The record is grouped by type:
- Resolutions — the formal acts of the tribe (the largest group).
- Constitution — the governing documents and their amendments.
- Offices — the roles and offices of tribal government.
- Decisions — recorded determinations and rulings.
- Timeline — the tribe's chronology.
- Biography — the lives that shaped the tribe.
- Datasets — structured records (elections, membership, finances, and more).
- Narrative & Findings — longer-form accounts and investigations.
What appears here depends on your ring:
- Members see records the Council has classified for member viewing and cleared. A record that hasn't been cleared yet won't appear — not because anything is broken, but because the Council reviews each record before it's shared with the general membership.
- Leadership sees everything, including the leadership ring (banking, legal, membership, and other sensitive records).

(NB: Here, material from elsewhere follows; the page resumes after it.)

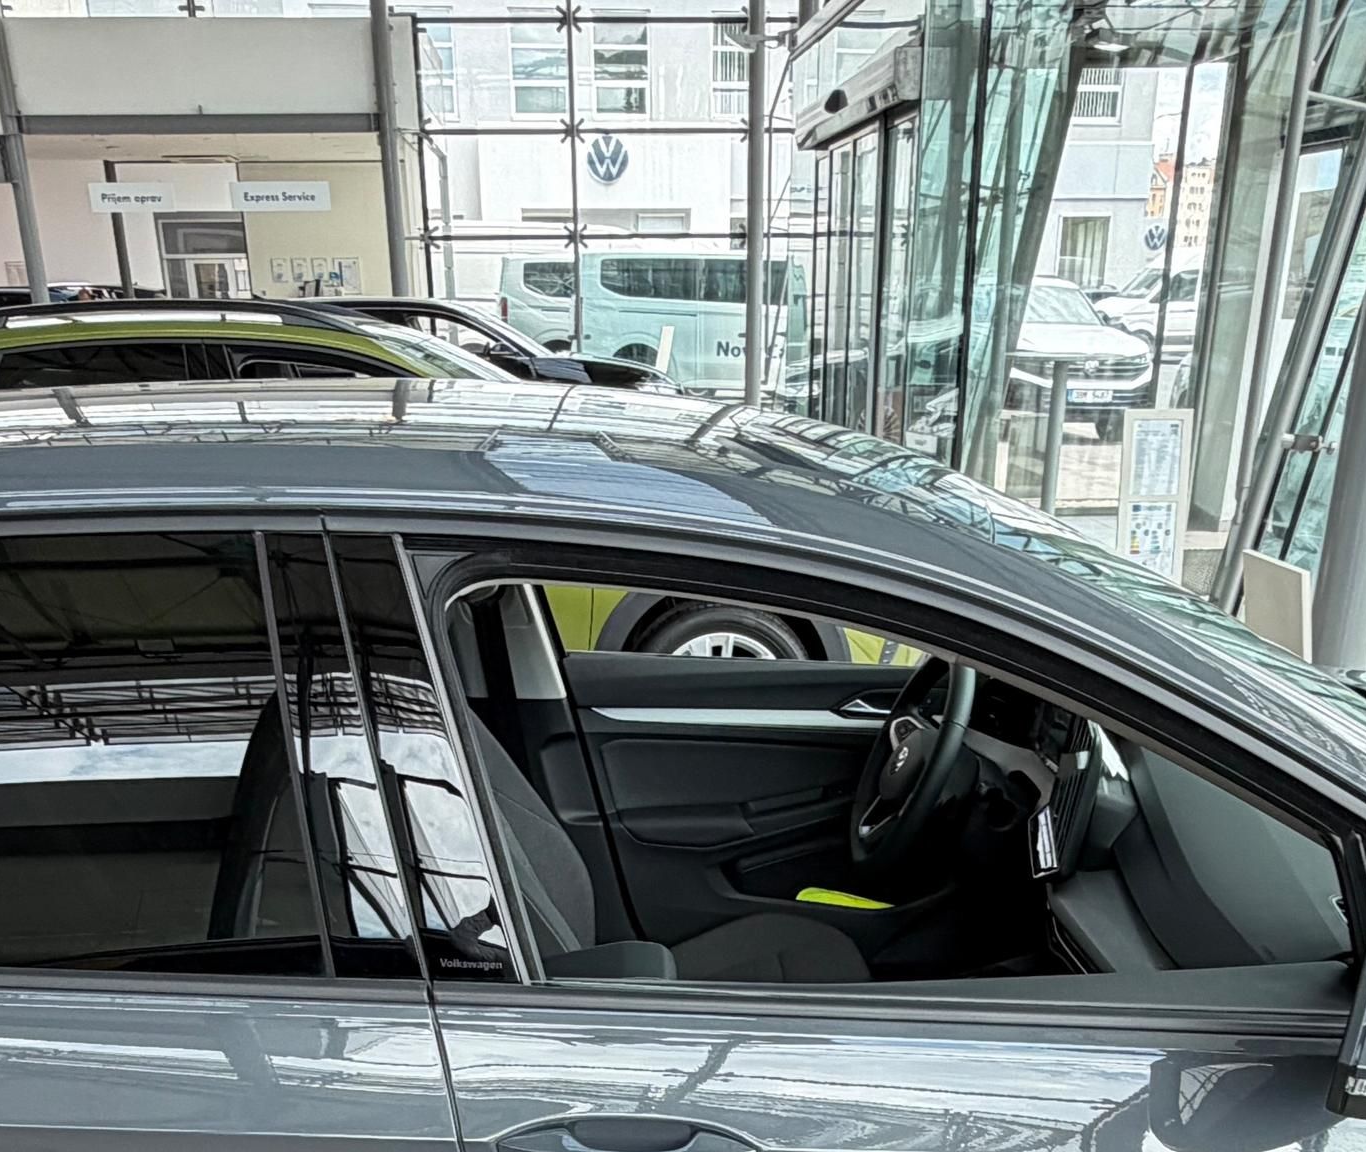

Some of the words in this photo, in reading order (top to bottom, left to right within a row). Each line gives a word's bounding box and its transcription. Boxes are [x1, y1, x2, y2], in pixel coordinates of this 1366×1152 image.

[244, 191, 280, 203] Express
[282, 191, 316, 202] Service
[439, 957, 503, 972] Volkswagen

If the library looks sparse to you as a member, that's the clearance gate working as intended. As the Council reviews records, more of the library opens up.
Click any record to read it.

Each record shows:
- The text — the record's content, transcribed and organized.
- Provenance — where it came from and, where available, a verification verdict (has this been checked against the original?).
- The source scan — a link to the original document (a PDF or photo of the signed resolution, the letter, the dataset). This is what makes the record verifiable rather than just asserted: you can always go look at the original.
Source scans are private and gated the same way the records are — only someone in the right ring can open them.
The Tribal Record is built verification-first. Every record can carry:
- the primary source it was drawn from,
- a checksum of that source, and
- a verdict from a review pass.
That means the record isn't just a convenient copy — it's an auditable one. When a record says the tribe resolved something on a certain date, you can open the scan of the signed resolution and confirm it yourself.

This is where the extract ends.